(TASK MATERIAL)
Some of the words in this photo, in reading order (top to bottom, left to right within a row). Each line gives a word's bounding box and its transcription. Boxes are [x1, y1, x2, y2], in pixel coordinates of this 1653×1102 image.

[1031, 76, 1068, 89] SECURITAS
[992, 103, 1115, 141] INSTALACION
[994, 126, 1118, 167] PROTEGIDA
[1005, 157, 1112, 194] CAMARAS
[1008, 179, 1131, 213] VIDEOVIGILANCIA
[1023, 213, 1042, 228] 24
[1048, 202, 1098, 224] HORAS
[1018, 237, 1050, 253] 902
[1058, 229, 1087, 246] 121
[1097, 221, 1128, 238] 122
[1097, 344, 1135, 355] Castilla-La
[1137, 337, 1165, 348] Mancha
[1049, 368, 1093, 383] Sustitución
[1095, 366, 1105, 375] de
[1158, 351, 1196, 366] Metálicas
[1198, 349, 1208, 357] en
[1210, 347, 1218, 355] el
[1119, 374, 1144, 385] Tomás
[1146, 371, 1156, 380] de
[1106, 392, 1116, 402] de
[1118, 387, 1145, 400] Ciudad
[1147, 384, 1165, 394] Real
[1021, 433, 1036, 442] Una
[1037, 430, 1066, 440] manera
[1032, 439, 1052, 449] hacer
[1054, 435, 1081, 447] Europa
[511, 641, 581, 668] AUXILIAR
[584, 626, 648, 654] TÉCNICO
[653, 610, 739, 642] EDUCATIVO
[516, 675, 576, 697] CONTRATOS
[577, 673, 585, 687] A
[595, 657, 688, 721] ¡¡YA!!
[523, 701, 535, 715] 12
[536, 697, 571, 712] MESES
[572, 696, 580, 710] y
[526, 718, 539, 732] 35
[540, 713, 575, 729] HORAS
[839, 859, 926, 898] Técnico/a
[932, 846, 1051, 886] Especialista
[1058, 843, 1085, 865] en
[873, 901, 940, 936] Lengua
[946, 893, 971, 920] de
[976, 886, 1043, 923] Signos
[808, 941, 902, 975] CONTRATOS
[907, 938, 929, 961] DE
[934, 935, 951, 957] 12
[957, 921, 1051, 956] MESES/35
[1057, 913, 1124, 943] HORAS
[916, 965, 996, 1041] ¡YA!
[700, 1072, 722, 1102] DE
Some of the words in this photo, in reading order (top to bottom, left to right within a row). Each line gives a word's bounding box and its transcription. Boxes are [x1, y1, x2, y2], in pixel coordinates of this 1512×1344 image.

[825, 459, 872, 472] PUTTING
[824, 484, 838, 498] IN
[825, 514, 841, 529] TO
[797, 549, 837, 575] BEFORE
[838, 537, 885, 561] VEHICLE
(End TASK MATERIAL)
> WHAT YOU HAVE TO DO
Your answer should be the lines from the one that contains "this 1512×1344 image." through the last line of the material, copied exactly.

> RESPONSE BOX
Some of the words in this photo, in reading order (top to bottom, left to right within a row). Each line gives a word's bounding box and its transcription. Boxes are [x1, y1, x2, y2], in pixel coordinates of this 1512×1344 image.

[825, 459, 872, 472] PUTTING
[824, 484, 838, 498] IN
[825, 514, 841, 529] TO
[797, 549, 837, 575] BEFORE
[838, 537, 885, 561] VEHICLE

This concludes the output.